Mientras el PIB per cápita de Egipto es un poco más de 6.000 dólares y el de Túnez está cerca de 9.000 dólares, el de Arabia Saudí está en 24.000 dólares y en alza. Los enormes ingresos procedentes del petróleo actúan como colchón ante cualquier protesta. El Estado distribuye las rentas del petróleo a cambio de que la población ceda sus derechos políticos y civiles, de ahí que no estén permitidos los partidos políticos, ni las manifestaciones, ni las organizaciones de la sociedad civil. Pero el crecimiento económico es desigual y el país se enfrenta a altas tasas de desempleo (27% para los menores de 30 años en 2009), una tasa de inflación en máximos históricos y costes de vivienda fuera del alcance de la mayoría de la clase media. El régimen ha acelerado la creación de empleo en el sector público desde 2008, pero es una batalla perdida. Cada año unos 400.000 saudíes entran en el mercado laboral, unas cantidades que ni la mayor burocracia podría absorber. Mientras medidas blandas contrarrevolucionarias como subsidios y creación de empleos públicos pueden funcionar a corto plazo, a la larga son fiscalmente insostenibles y estructuralmente nocivas. Se crea un sistema corrupto de incentivos, atrayendo a la población a trabajos bien pagados en el sector público en detrimento del sector privado y socavando así la necesaria diversificación económica.
La otra cara de la moneda han sido las medidas restrictivas. La aparente vulnerabilidad del régimen de Bahréin fue una llamada de atención que desató el miedo en los regentes del Golfo, alentándoles a cortar de raíz cualquier disidencia. Un espacio político ya de por sí estrecho se ha visto reducido aún más. Las medidas incluyen detenciones, restricciones de los medios de comunicación y la reiteración de las líneas rojas que no se pueden violar. Los arrestos se han concentrado en las provincias orientales, donde reside la mayoría de los chiíes, y fuentes de Human Rights Watch hablan de hasta 145 detenidos desde febrero. Las autoridades han reiterado la prohibición de manifestaciones y protestas públicas. Los ulemas han cooperado en este esfuerzo, avisando de que las protestas van en contra del islam. También se ha bloqueado el intento de establecer lo que hubiese sido el primer partido político del reino: el Partido Islámico de la Umma. Su llamamiento a una reforma política pacífica, dentro de unos parámetros islámicos, fue suficiente para arrestar a cinco de sus fundadores. Las restricciones a los medios se concretaron en un decreto que prohíbe la publicación de cualquier artículo que contradiga la ley islámica, sirva intereses extranjeros o socave la seguridad nacional. Se criminaliza además la publicación de insultos al gran muftí, a miembros del consejo de ulemas o a representantes del Gobierno. También se han impuesto restricciones en los medios de comunicación electrónicos, obligando a los blogueros a obtener licencias del Gobierno y a los medios electrónicos a registrarse.

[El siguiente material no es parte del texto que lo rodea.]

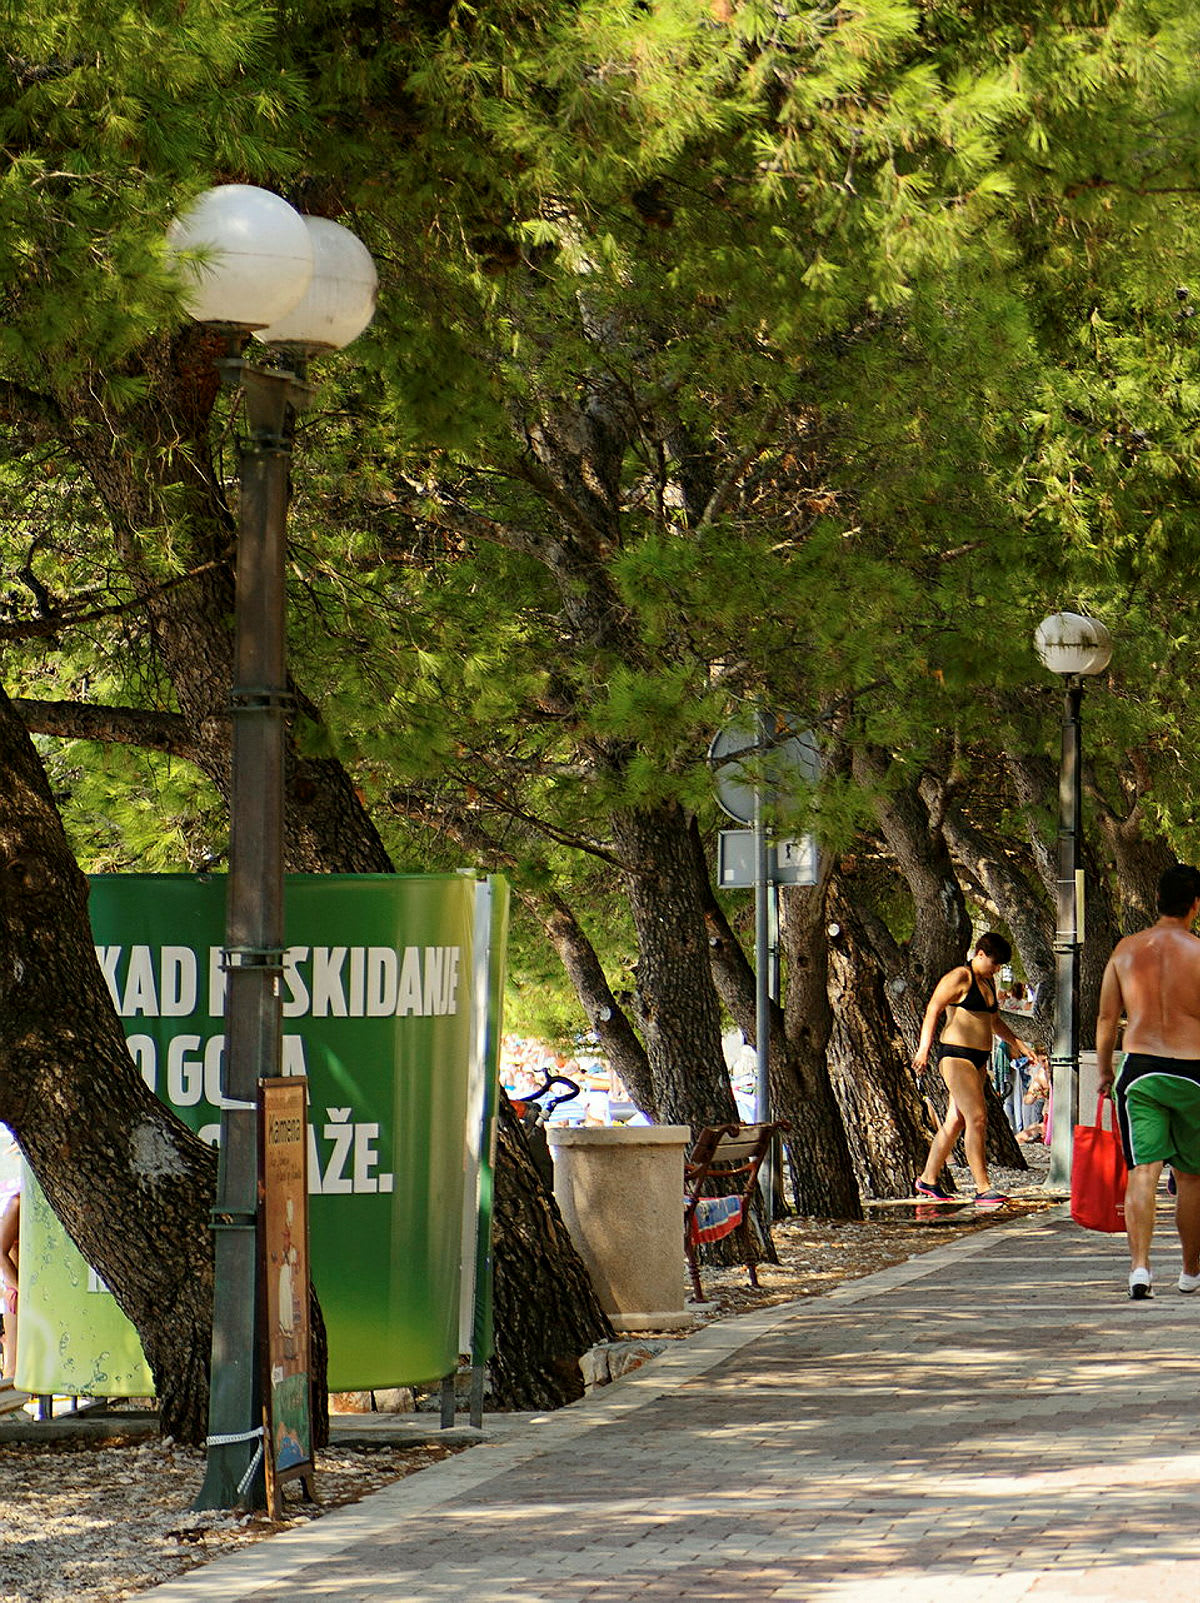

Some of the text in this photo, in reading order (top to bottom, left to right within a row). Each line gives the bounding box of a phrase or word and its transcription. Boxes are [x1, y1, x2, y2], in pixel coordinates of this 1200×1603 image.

Con estas medidas parece ponerse fin a cualquier ambición de reforma albergada tras el ascenso del rey Abdullah al trono en 2005. Aunque la promesa de liberalización no se había materializado, algo de espacio político sí se había abierto en los últimos años y el enfoque del monarca en las reformas de la educación y la justicia, tradicionalmente feudos del poder religioso, parecía señalar su intención de frenar el poder de las instituciones religiosas. Ante las revueltas árabes la familia real ha vuelto a hacer uso del pilar religioso y este ha cumplido, emitiendo las fetua de rigor. Algunos pequeños gestos como el anuncio de la celebración de las elecciones municipales en septiembre de este año (pospuestas desde 2009), la liberación de algunos presos políticos o las reuniones de algunos gobernadores con activistas locales no se perciben ya como esfuerzos reformistas sino como un mero ejercicio de relaciones públicas.

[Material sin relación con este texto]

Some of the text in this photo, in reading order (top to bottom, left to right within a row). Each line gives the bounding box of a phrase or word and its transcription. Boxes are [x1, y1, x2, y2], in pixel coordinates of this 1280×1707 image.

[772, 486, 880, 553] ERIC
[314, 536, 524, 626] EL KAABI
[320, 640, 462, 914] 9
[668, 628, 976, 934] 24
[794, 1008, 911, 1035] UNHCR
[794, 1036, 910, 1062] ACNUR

Las respuestas nacionales han estado complementadas por un cierre de bandas regional. Los regímenes del Golfo no dudaron en acudir al apoyo de Bahréin y a mediados de marzo tropas saudíes y fuerzas policiales de los Emiratos Árabes entraban en el pequeño reino supuestamente bajo el paraguas de las fuerzas del Escudo Península del Consejo de Cooperación del Golfo (CCG). Asimismo han aunado fuerzas para mediar en el conflicto de Yemen, rendir su apoyo a la intervención en Libia o para ofrecer un total de 20.000 millones de dólares en ayudas económicas a Bahréin y Omán, los dos países más azotados por protestas internas. Las invitaciones a Jordania y Marruecos a formar parte del CCG parecen diseñadas para fortalecer aun más el grupo de monarquías como contrapeso a los cambios regionales.
Y luego está el recurrente espectro de Irán. En abril, el CCG emitió un comunicado en el que reflejaba su preocupación "por las continuas intromisiones iraníes" y acusaba a Irán de conspirar contra las monarquías árabes. La intervención en Bahréin se puede leer en parte como una señal, tanto a los poderes chiíes de la región, Irán e Irak, de que no interfieran en los asuntos de la península Arábiga, como para el presidente Obama, de que no intente apoyar movimientos de cambio en la región del Golfo. Es cierto que la creciente influencia iraní tras la invasión de Irak preocupa a los saudíes y que un componente importante de su política exterior se basa en frenarla, ya sea en Afganistán, Irak, Líbano, Yemen o los Territorios Palestinos.
Pero más allá del balance de poder regional, culpar a Irán de inmiscuirse en asuntos internos y de estar detrás de las revueltas en Bahréin obedece a una vieja táctica de los Gobiernos de la región para deslegitimar las protestas, tachándolas de intromisiones del exterior. Se externalizan así las raíces de las protestas y se desligan de cualquier agravio nacional legítimo. Se deslegitima además a la oposición chií, cuestionando su lealtad. Pero el juego sectario es peligroso y lo que se está consiguiendo es recrudecer las tensiones.
De momento, Arabia Saudí parece haber despistado a las revueltas. La oposición está dividida ideológicamente y poco organizada, el rey goza de popularidad y el régimen sigue su política de patronazgo. A la larga, sin embargo, esta fórmula de apaciguamiento puede resultar insostenible. La distribución de las rentas alimenta la imagen de una familia real magnánima y generosa, pero al ofuscar la diferencia entre prestaciones sociales y donaciones reales se exacerba el problema de la falta de derechos. Es posible que los saudíes se cansen un día de ser tratados como súbditos, aunque muy bien tratados, en lugar de como ciudadanos con derechos y obligaciones. Hasta ahora las peticiones de reforma no han mencionado el cambio de régimen y se han limitado a pedir moderadas reformas políticas, pero el contrato social que define la relación entre los gobernantes y los ciudadanos -el trueque de riqueza económica a cambio de poder político- no durará siempre. Para mantener su legitimidad el régimen tendrá algún día que reformarse y hacerse eco de los tiempos que corren.
Ana Echagüe, investigadora en la Fundación para las Relaciones Internacionales y el Diálogo Exterior.